After the dunes came a muddy slog through the island's brush forest, where every nightbird that ever lived whooped and whistled and trilled and honked. Now and then Pazel caught glimmers of firelight through the trees ahead. When the wind turned he caught a smell of woodsmoke and frying fish.
Harsh laughter reached his ears. The path opened suddenly into a great clearing where bonfires roared. A crowd of hundreds had gathered here-eating, wrestling, guzzling liquor, trading jibes and insults. Except for some twenty Flikkers they were all humans, but none inspired Pazel with hopes of rescue. There were many sailors-one could always spot them by their leathery skin-but when they looked at him they showed no brotherly warmth. All carried blades. Some had bones or other murth-charms knotted up in their beards. Quite a few were missing teeth or eyes or fingers. Rin save us, Pazel thought, they're pirates.
The head Flikkerman drew a line in the dirt with his boot-heel, and the others arranged the boys along it by size. Was this a slave-market? Pazel wondered. Certainly it resembled what he'd seen during the rape of Ormael-except that no ownership papers were involved here, and no branding iron. And of course, the Flikkers were in charge.
They worked in pairs. One stood with his hand on the head of a captive. The other jumped onto a crate, raised his long-fingered hands over his head and sang the prisoner's qualities in a weird, half-rhyming chant: "Strong-strong-boy, hop-a-long-boy! Clean-never-never-sick-head-thick-boy! See-how-tall-he'll-carry-all!"
And so on. When a customer shouted out a price, the lower Flikkerman pointed in his direction and began to glow softly. Then a higher bid would come, and the Flikkerman turned and pointed to the new customer, and glowed a little brighter, and his partner above would sing with more excitement and exaggeration: "A perfect child! So-good-mannered-mild! Tough as a lion, wilt thou not buy 'im?"
When someone did buy a boy, the two Flikkers cried, "Eeech!" in unison, and the glowing one went out like a snuffed candle. The whole display appeared to have a kind of hypnotic effect on the pirates, who were spending money rather freely for people who went to such lengths to obtain it.

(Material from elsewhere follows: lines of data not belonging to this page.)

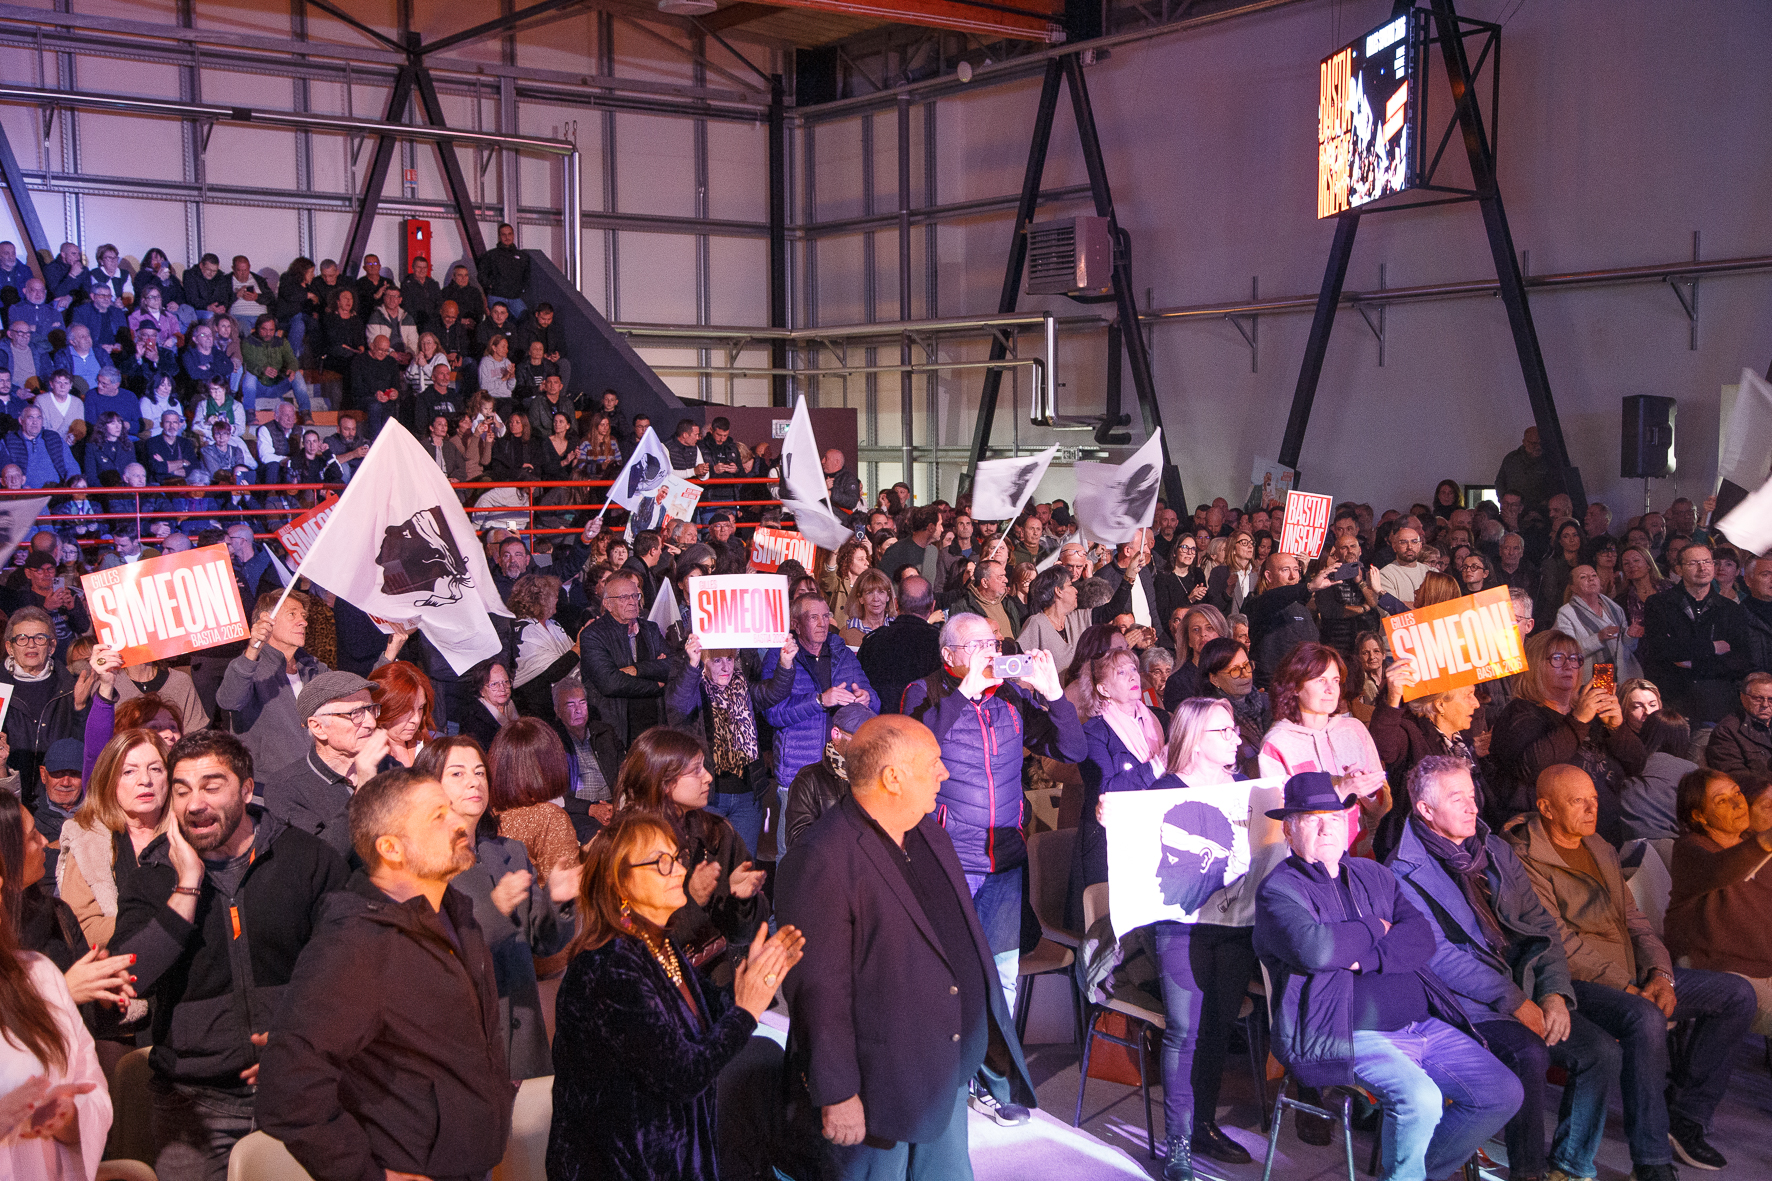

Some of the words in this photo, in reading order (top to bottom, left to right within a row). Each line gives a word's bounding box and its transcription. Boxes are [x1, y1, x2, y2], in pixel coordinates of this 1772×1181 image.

[1319, 47, 1351, 144] BASTIA
[1288, 494, 1327, 528] BASTIA
[753, 533, 815, 569] SIMEONI
[1282, 523, 1324, 556] INSEME
[91, 570, 120, 589] GILLES
[699, 580, 718, 590] GILLES
[92, 559, 241, 652] SIMEONI
[697, 588, 785, 634] SIMEONI
[1390, 612, 1416, 630] GILLES
[191, 630, 222, 648] BASTIA
[222, 623, 244, 641] 2026
[753, 634, 771, 643] BASTIA
[1391, 600, 1520, 684] SIMEONI
[1476, 663, 1503, 680] BASTIA
[1504, 657, 1523, 673] 2026

As his captors waited their turn, however, Pazel saw that the cleverer pirates knew better than to listen to the song. They poked and prodded the boys, examined their teeth and eyes.
"Too many sellers," grumbled one of their captors. "We'll make nothing on these runts."
"These brutes don't want quality goods," whined another Flikkerman. "Any boy will do, when he's sure to be drowned or stabbed or cannon-blasted in a few months."
"So inefficient! I don't understand why humans kill one another."
"Neither do they."
Then the first speaker gave a chirp of surprise. "Ehiji, look! It's Druffle, Dollywilliams Druffle! What's he doing out here?"
The Mr. Druffle in question was a most unusual-looking man. He had greasy black hair that hung limply to his shoulders, a long nose and a filthy coat from which his bony hands emerged like implements for poking a fire. Over one shoulder hung something slick and rubbery. As he drew closer Pazel saw that it was an enormous eel.
Just behind Druffle came four huge men-at-arms. They had black beards trimmed to paintbrush points; their muscles bulged against iron bands around their forearms. Each carried a spear filed to razor sharpness and thick with dried gore where spearhead met shaft. As their eyes scanned the crowd, even the fiercest pirates stepped out of their way. "Volpeks," men whispered. And so they were: Pazel knew them from drawings in his father's books. Now here they stood in the flesh: the dreaded mercenaries of the Narrow Sea, who would fight and kill for anyone who paid.
Behind the Volpeks shuffled a line of eight boys, chained at the wrists. Their faces and skin spoke of many homelands. One trait they had in common, however: they were all rather small.